[[ Data supplied, beginning ]]

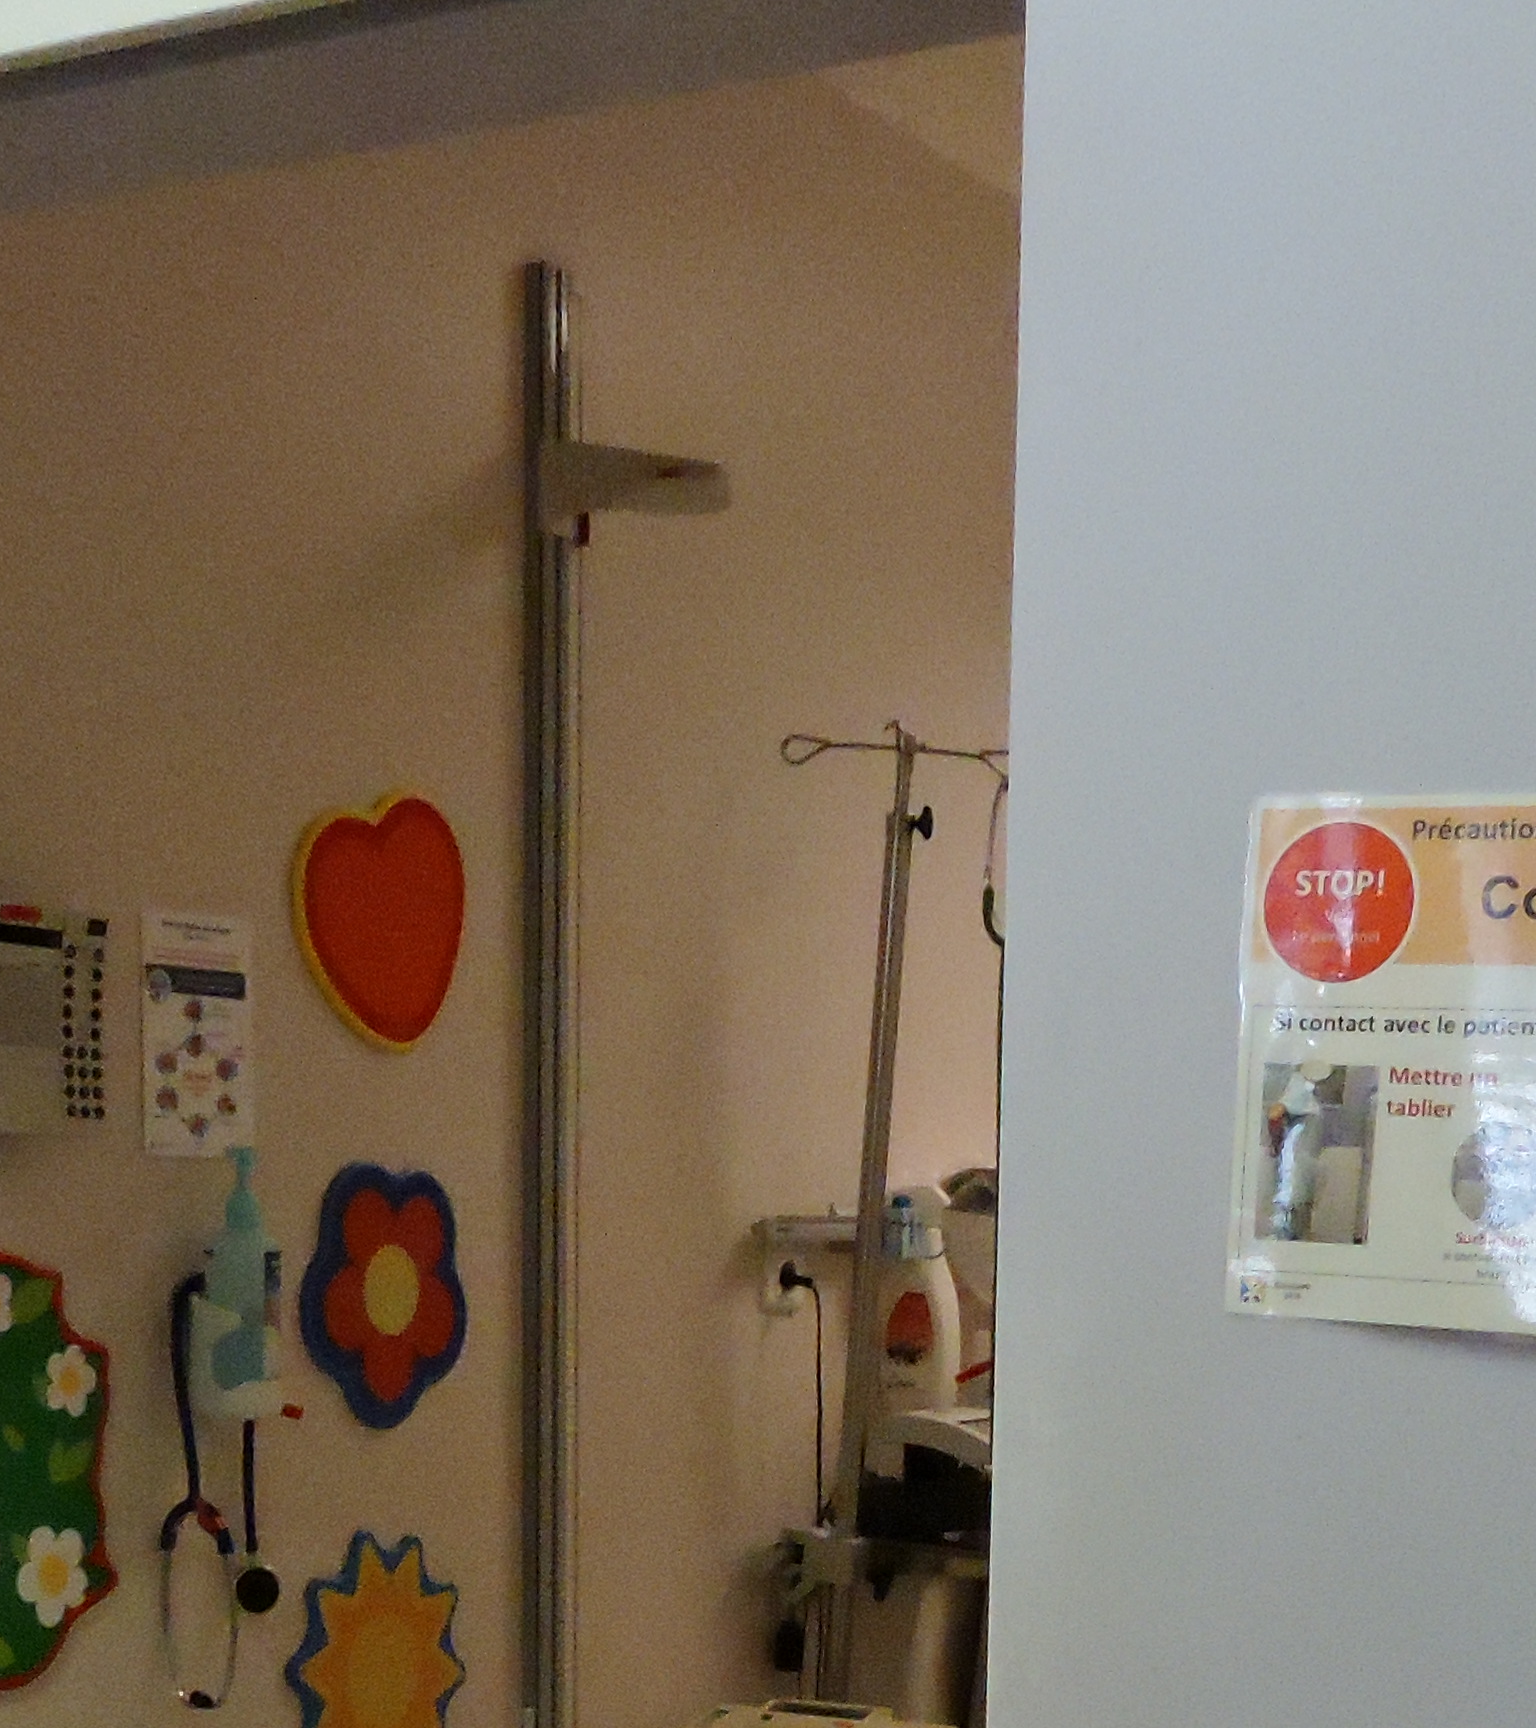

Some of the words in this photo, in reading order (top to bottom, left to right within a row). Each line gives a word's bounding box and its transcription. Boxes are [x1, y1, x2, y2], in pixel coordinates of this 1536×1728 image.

[1295, 869, 1386, 899] STOP!
[1299, 1014, 1376, 1033] contact
[1384, 1018, 1430, 1034] avec
[1437, 1015, 1456, 1035] le
[1389, 1066, 1462, 1087] Mettre
[1387, 1098, 1455, 1118] tablier
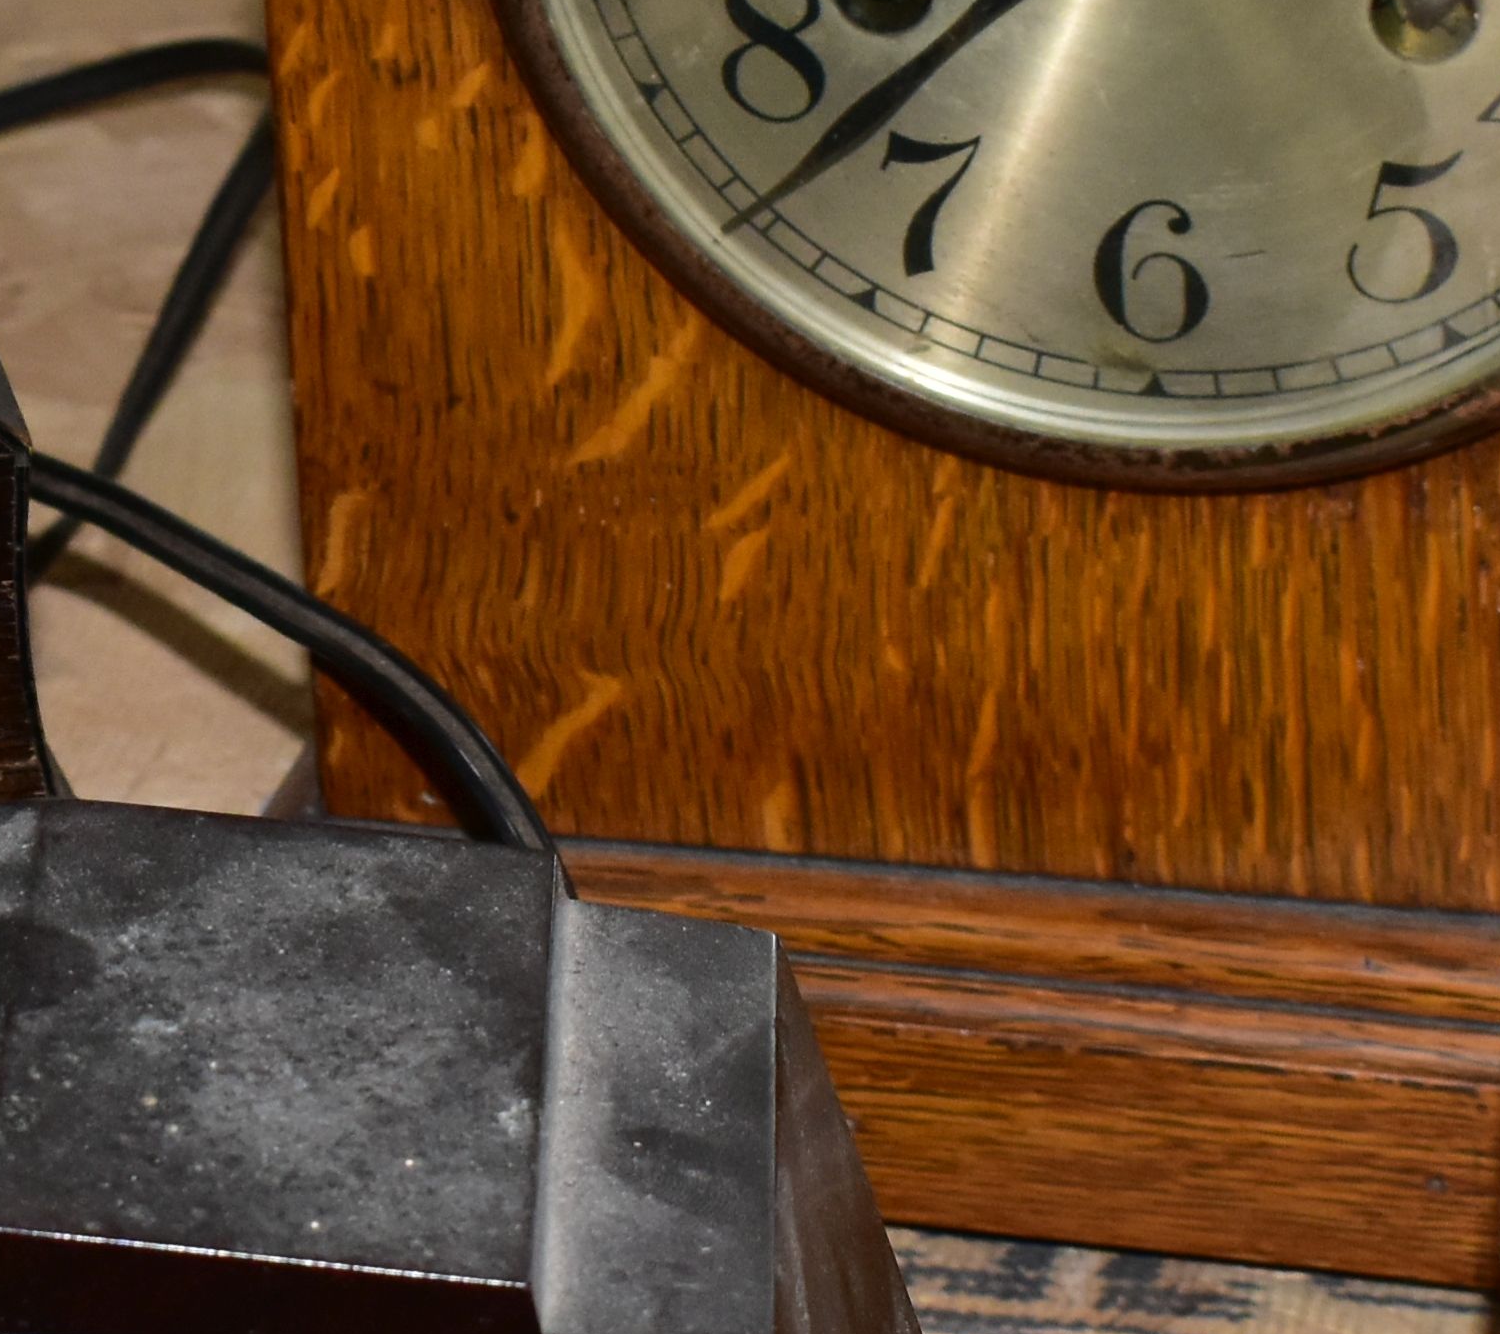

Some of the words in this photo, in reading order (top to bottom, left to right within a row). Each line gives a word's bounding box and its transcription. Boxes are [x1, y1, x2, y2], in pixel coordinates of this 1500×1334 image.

[879, 133, 983, 278] 7
[1093, 197, 1211, 343] 6
[1345, 148, 1463, 305] 5

[[ Data supplied, end ]]

### Exercise prompt
For the entries above, return an exact copy that omits the images.

### Result for this task
Some of the words in this photo, in reading order (top to bottom, left to right within a row). Each line gives a word's bounding box and its transcription. Boxes are [x1, y1, x2, y2], in pixel coordinates of this 1536×1728 image.

[1295, 869, 1386, 899] STOP!
[1299, 1014, 1376, 1033] contact
[1384, 1018, 1430, 1034] avec
[1437, 1015, 1456, 1035] le
[1389, 1066, 1462, 1087] Mettre
[1387, 1098, 1455, 1118] tablier

Some of the words in this photo, in reading order (top to bottom, left to right within a row). Each line gives a word's bounding box and its transcription. Boxes are [x1, y1, x2, y2], in pixel coordinates of this 1500×1334 image.

[879, 133, 983, 278] 7
[1093, 197, 1211, 343] 6
[1345, 148, 1463, 305] 5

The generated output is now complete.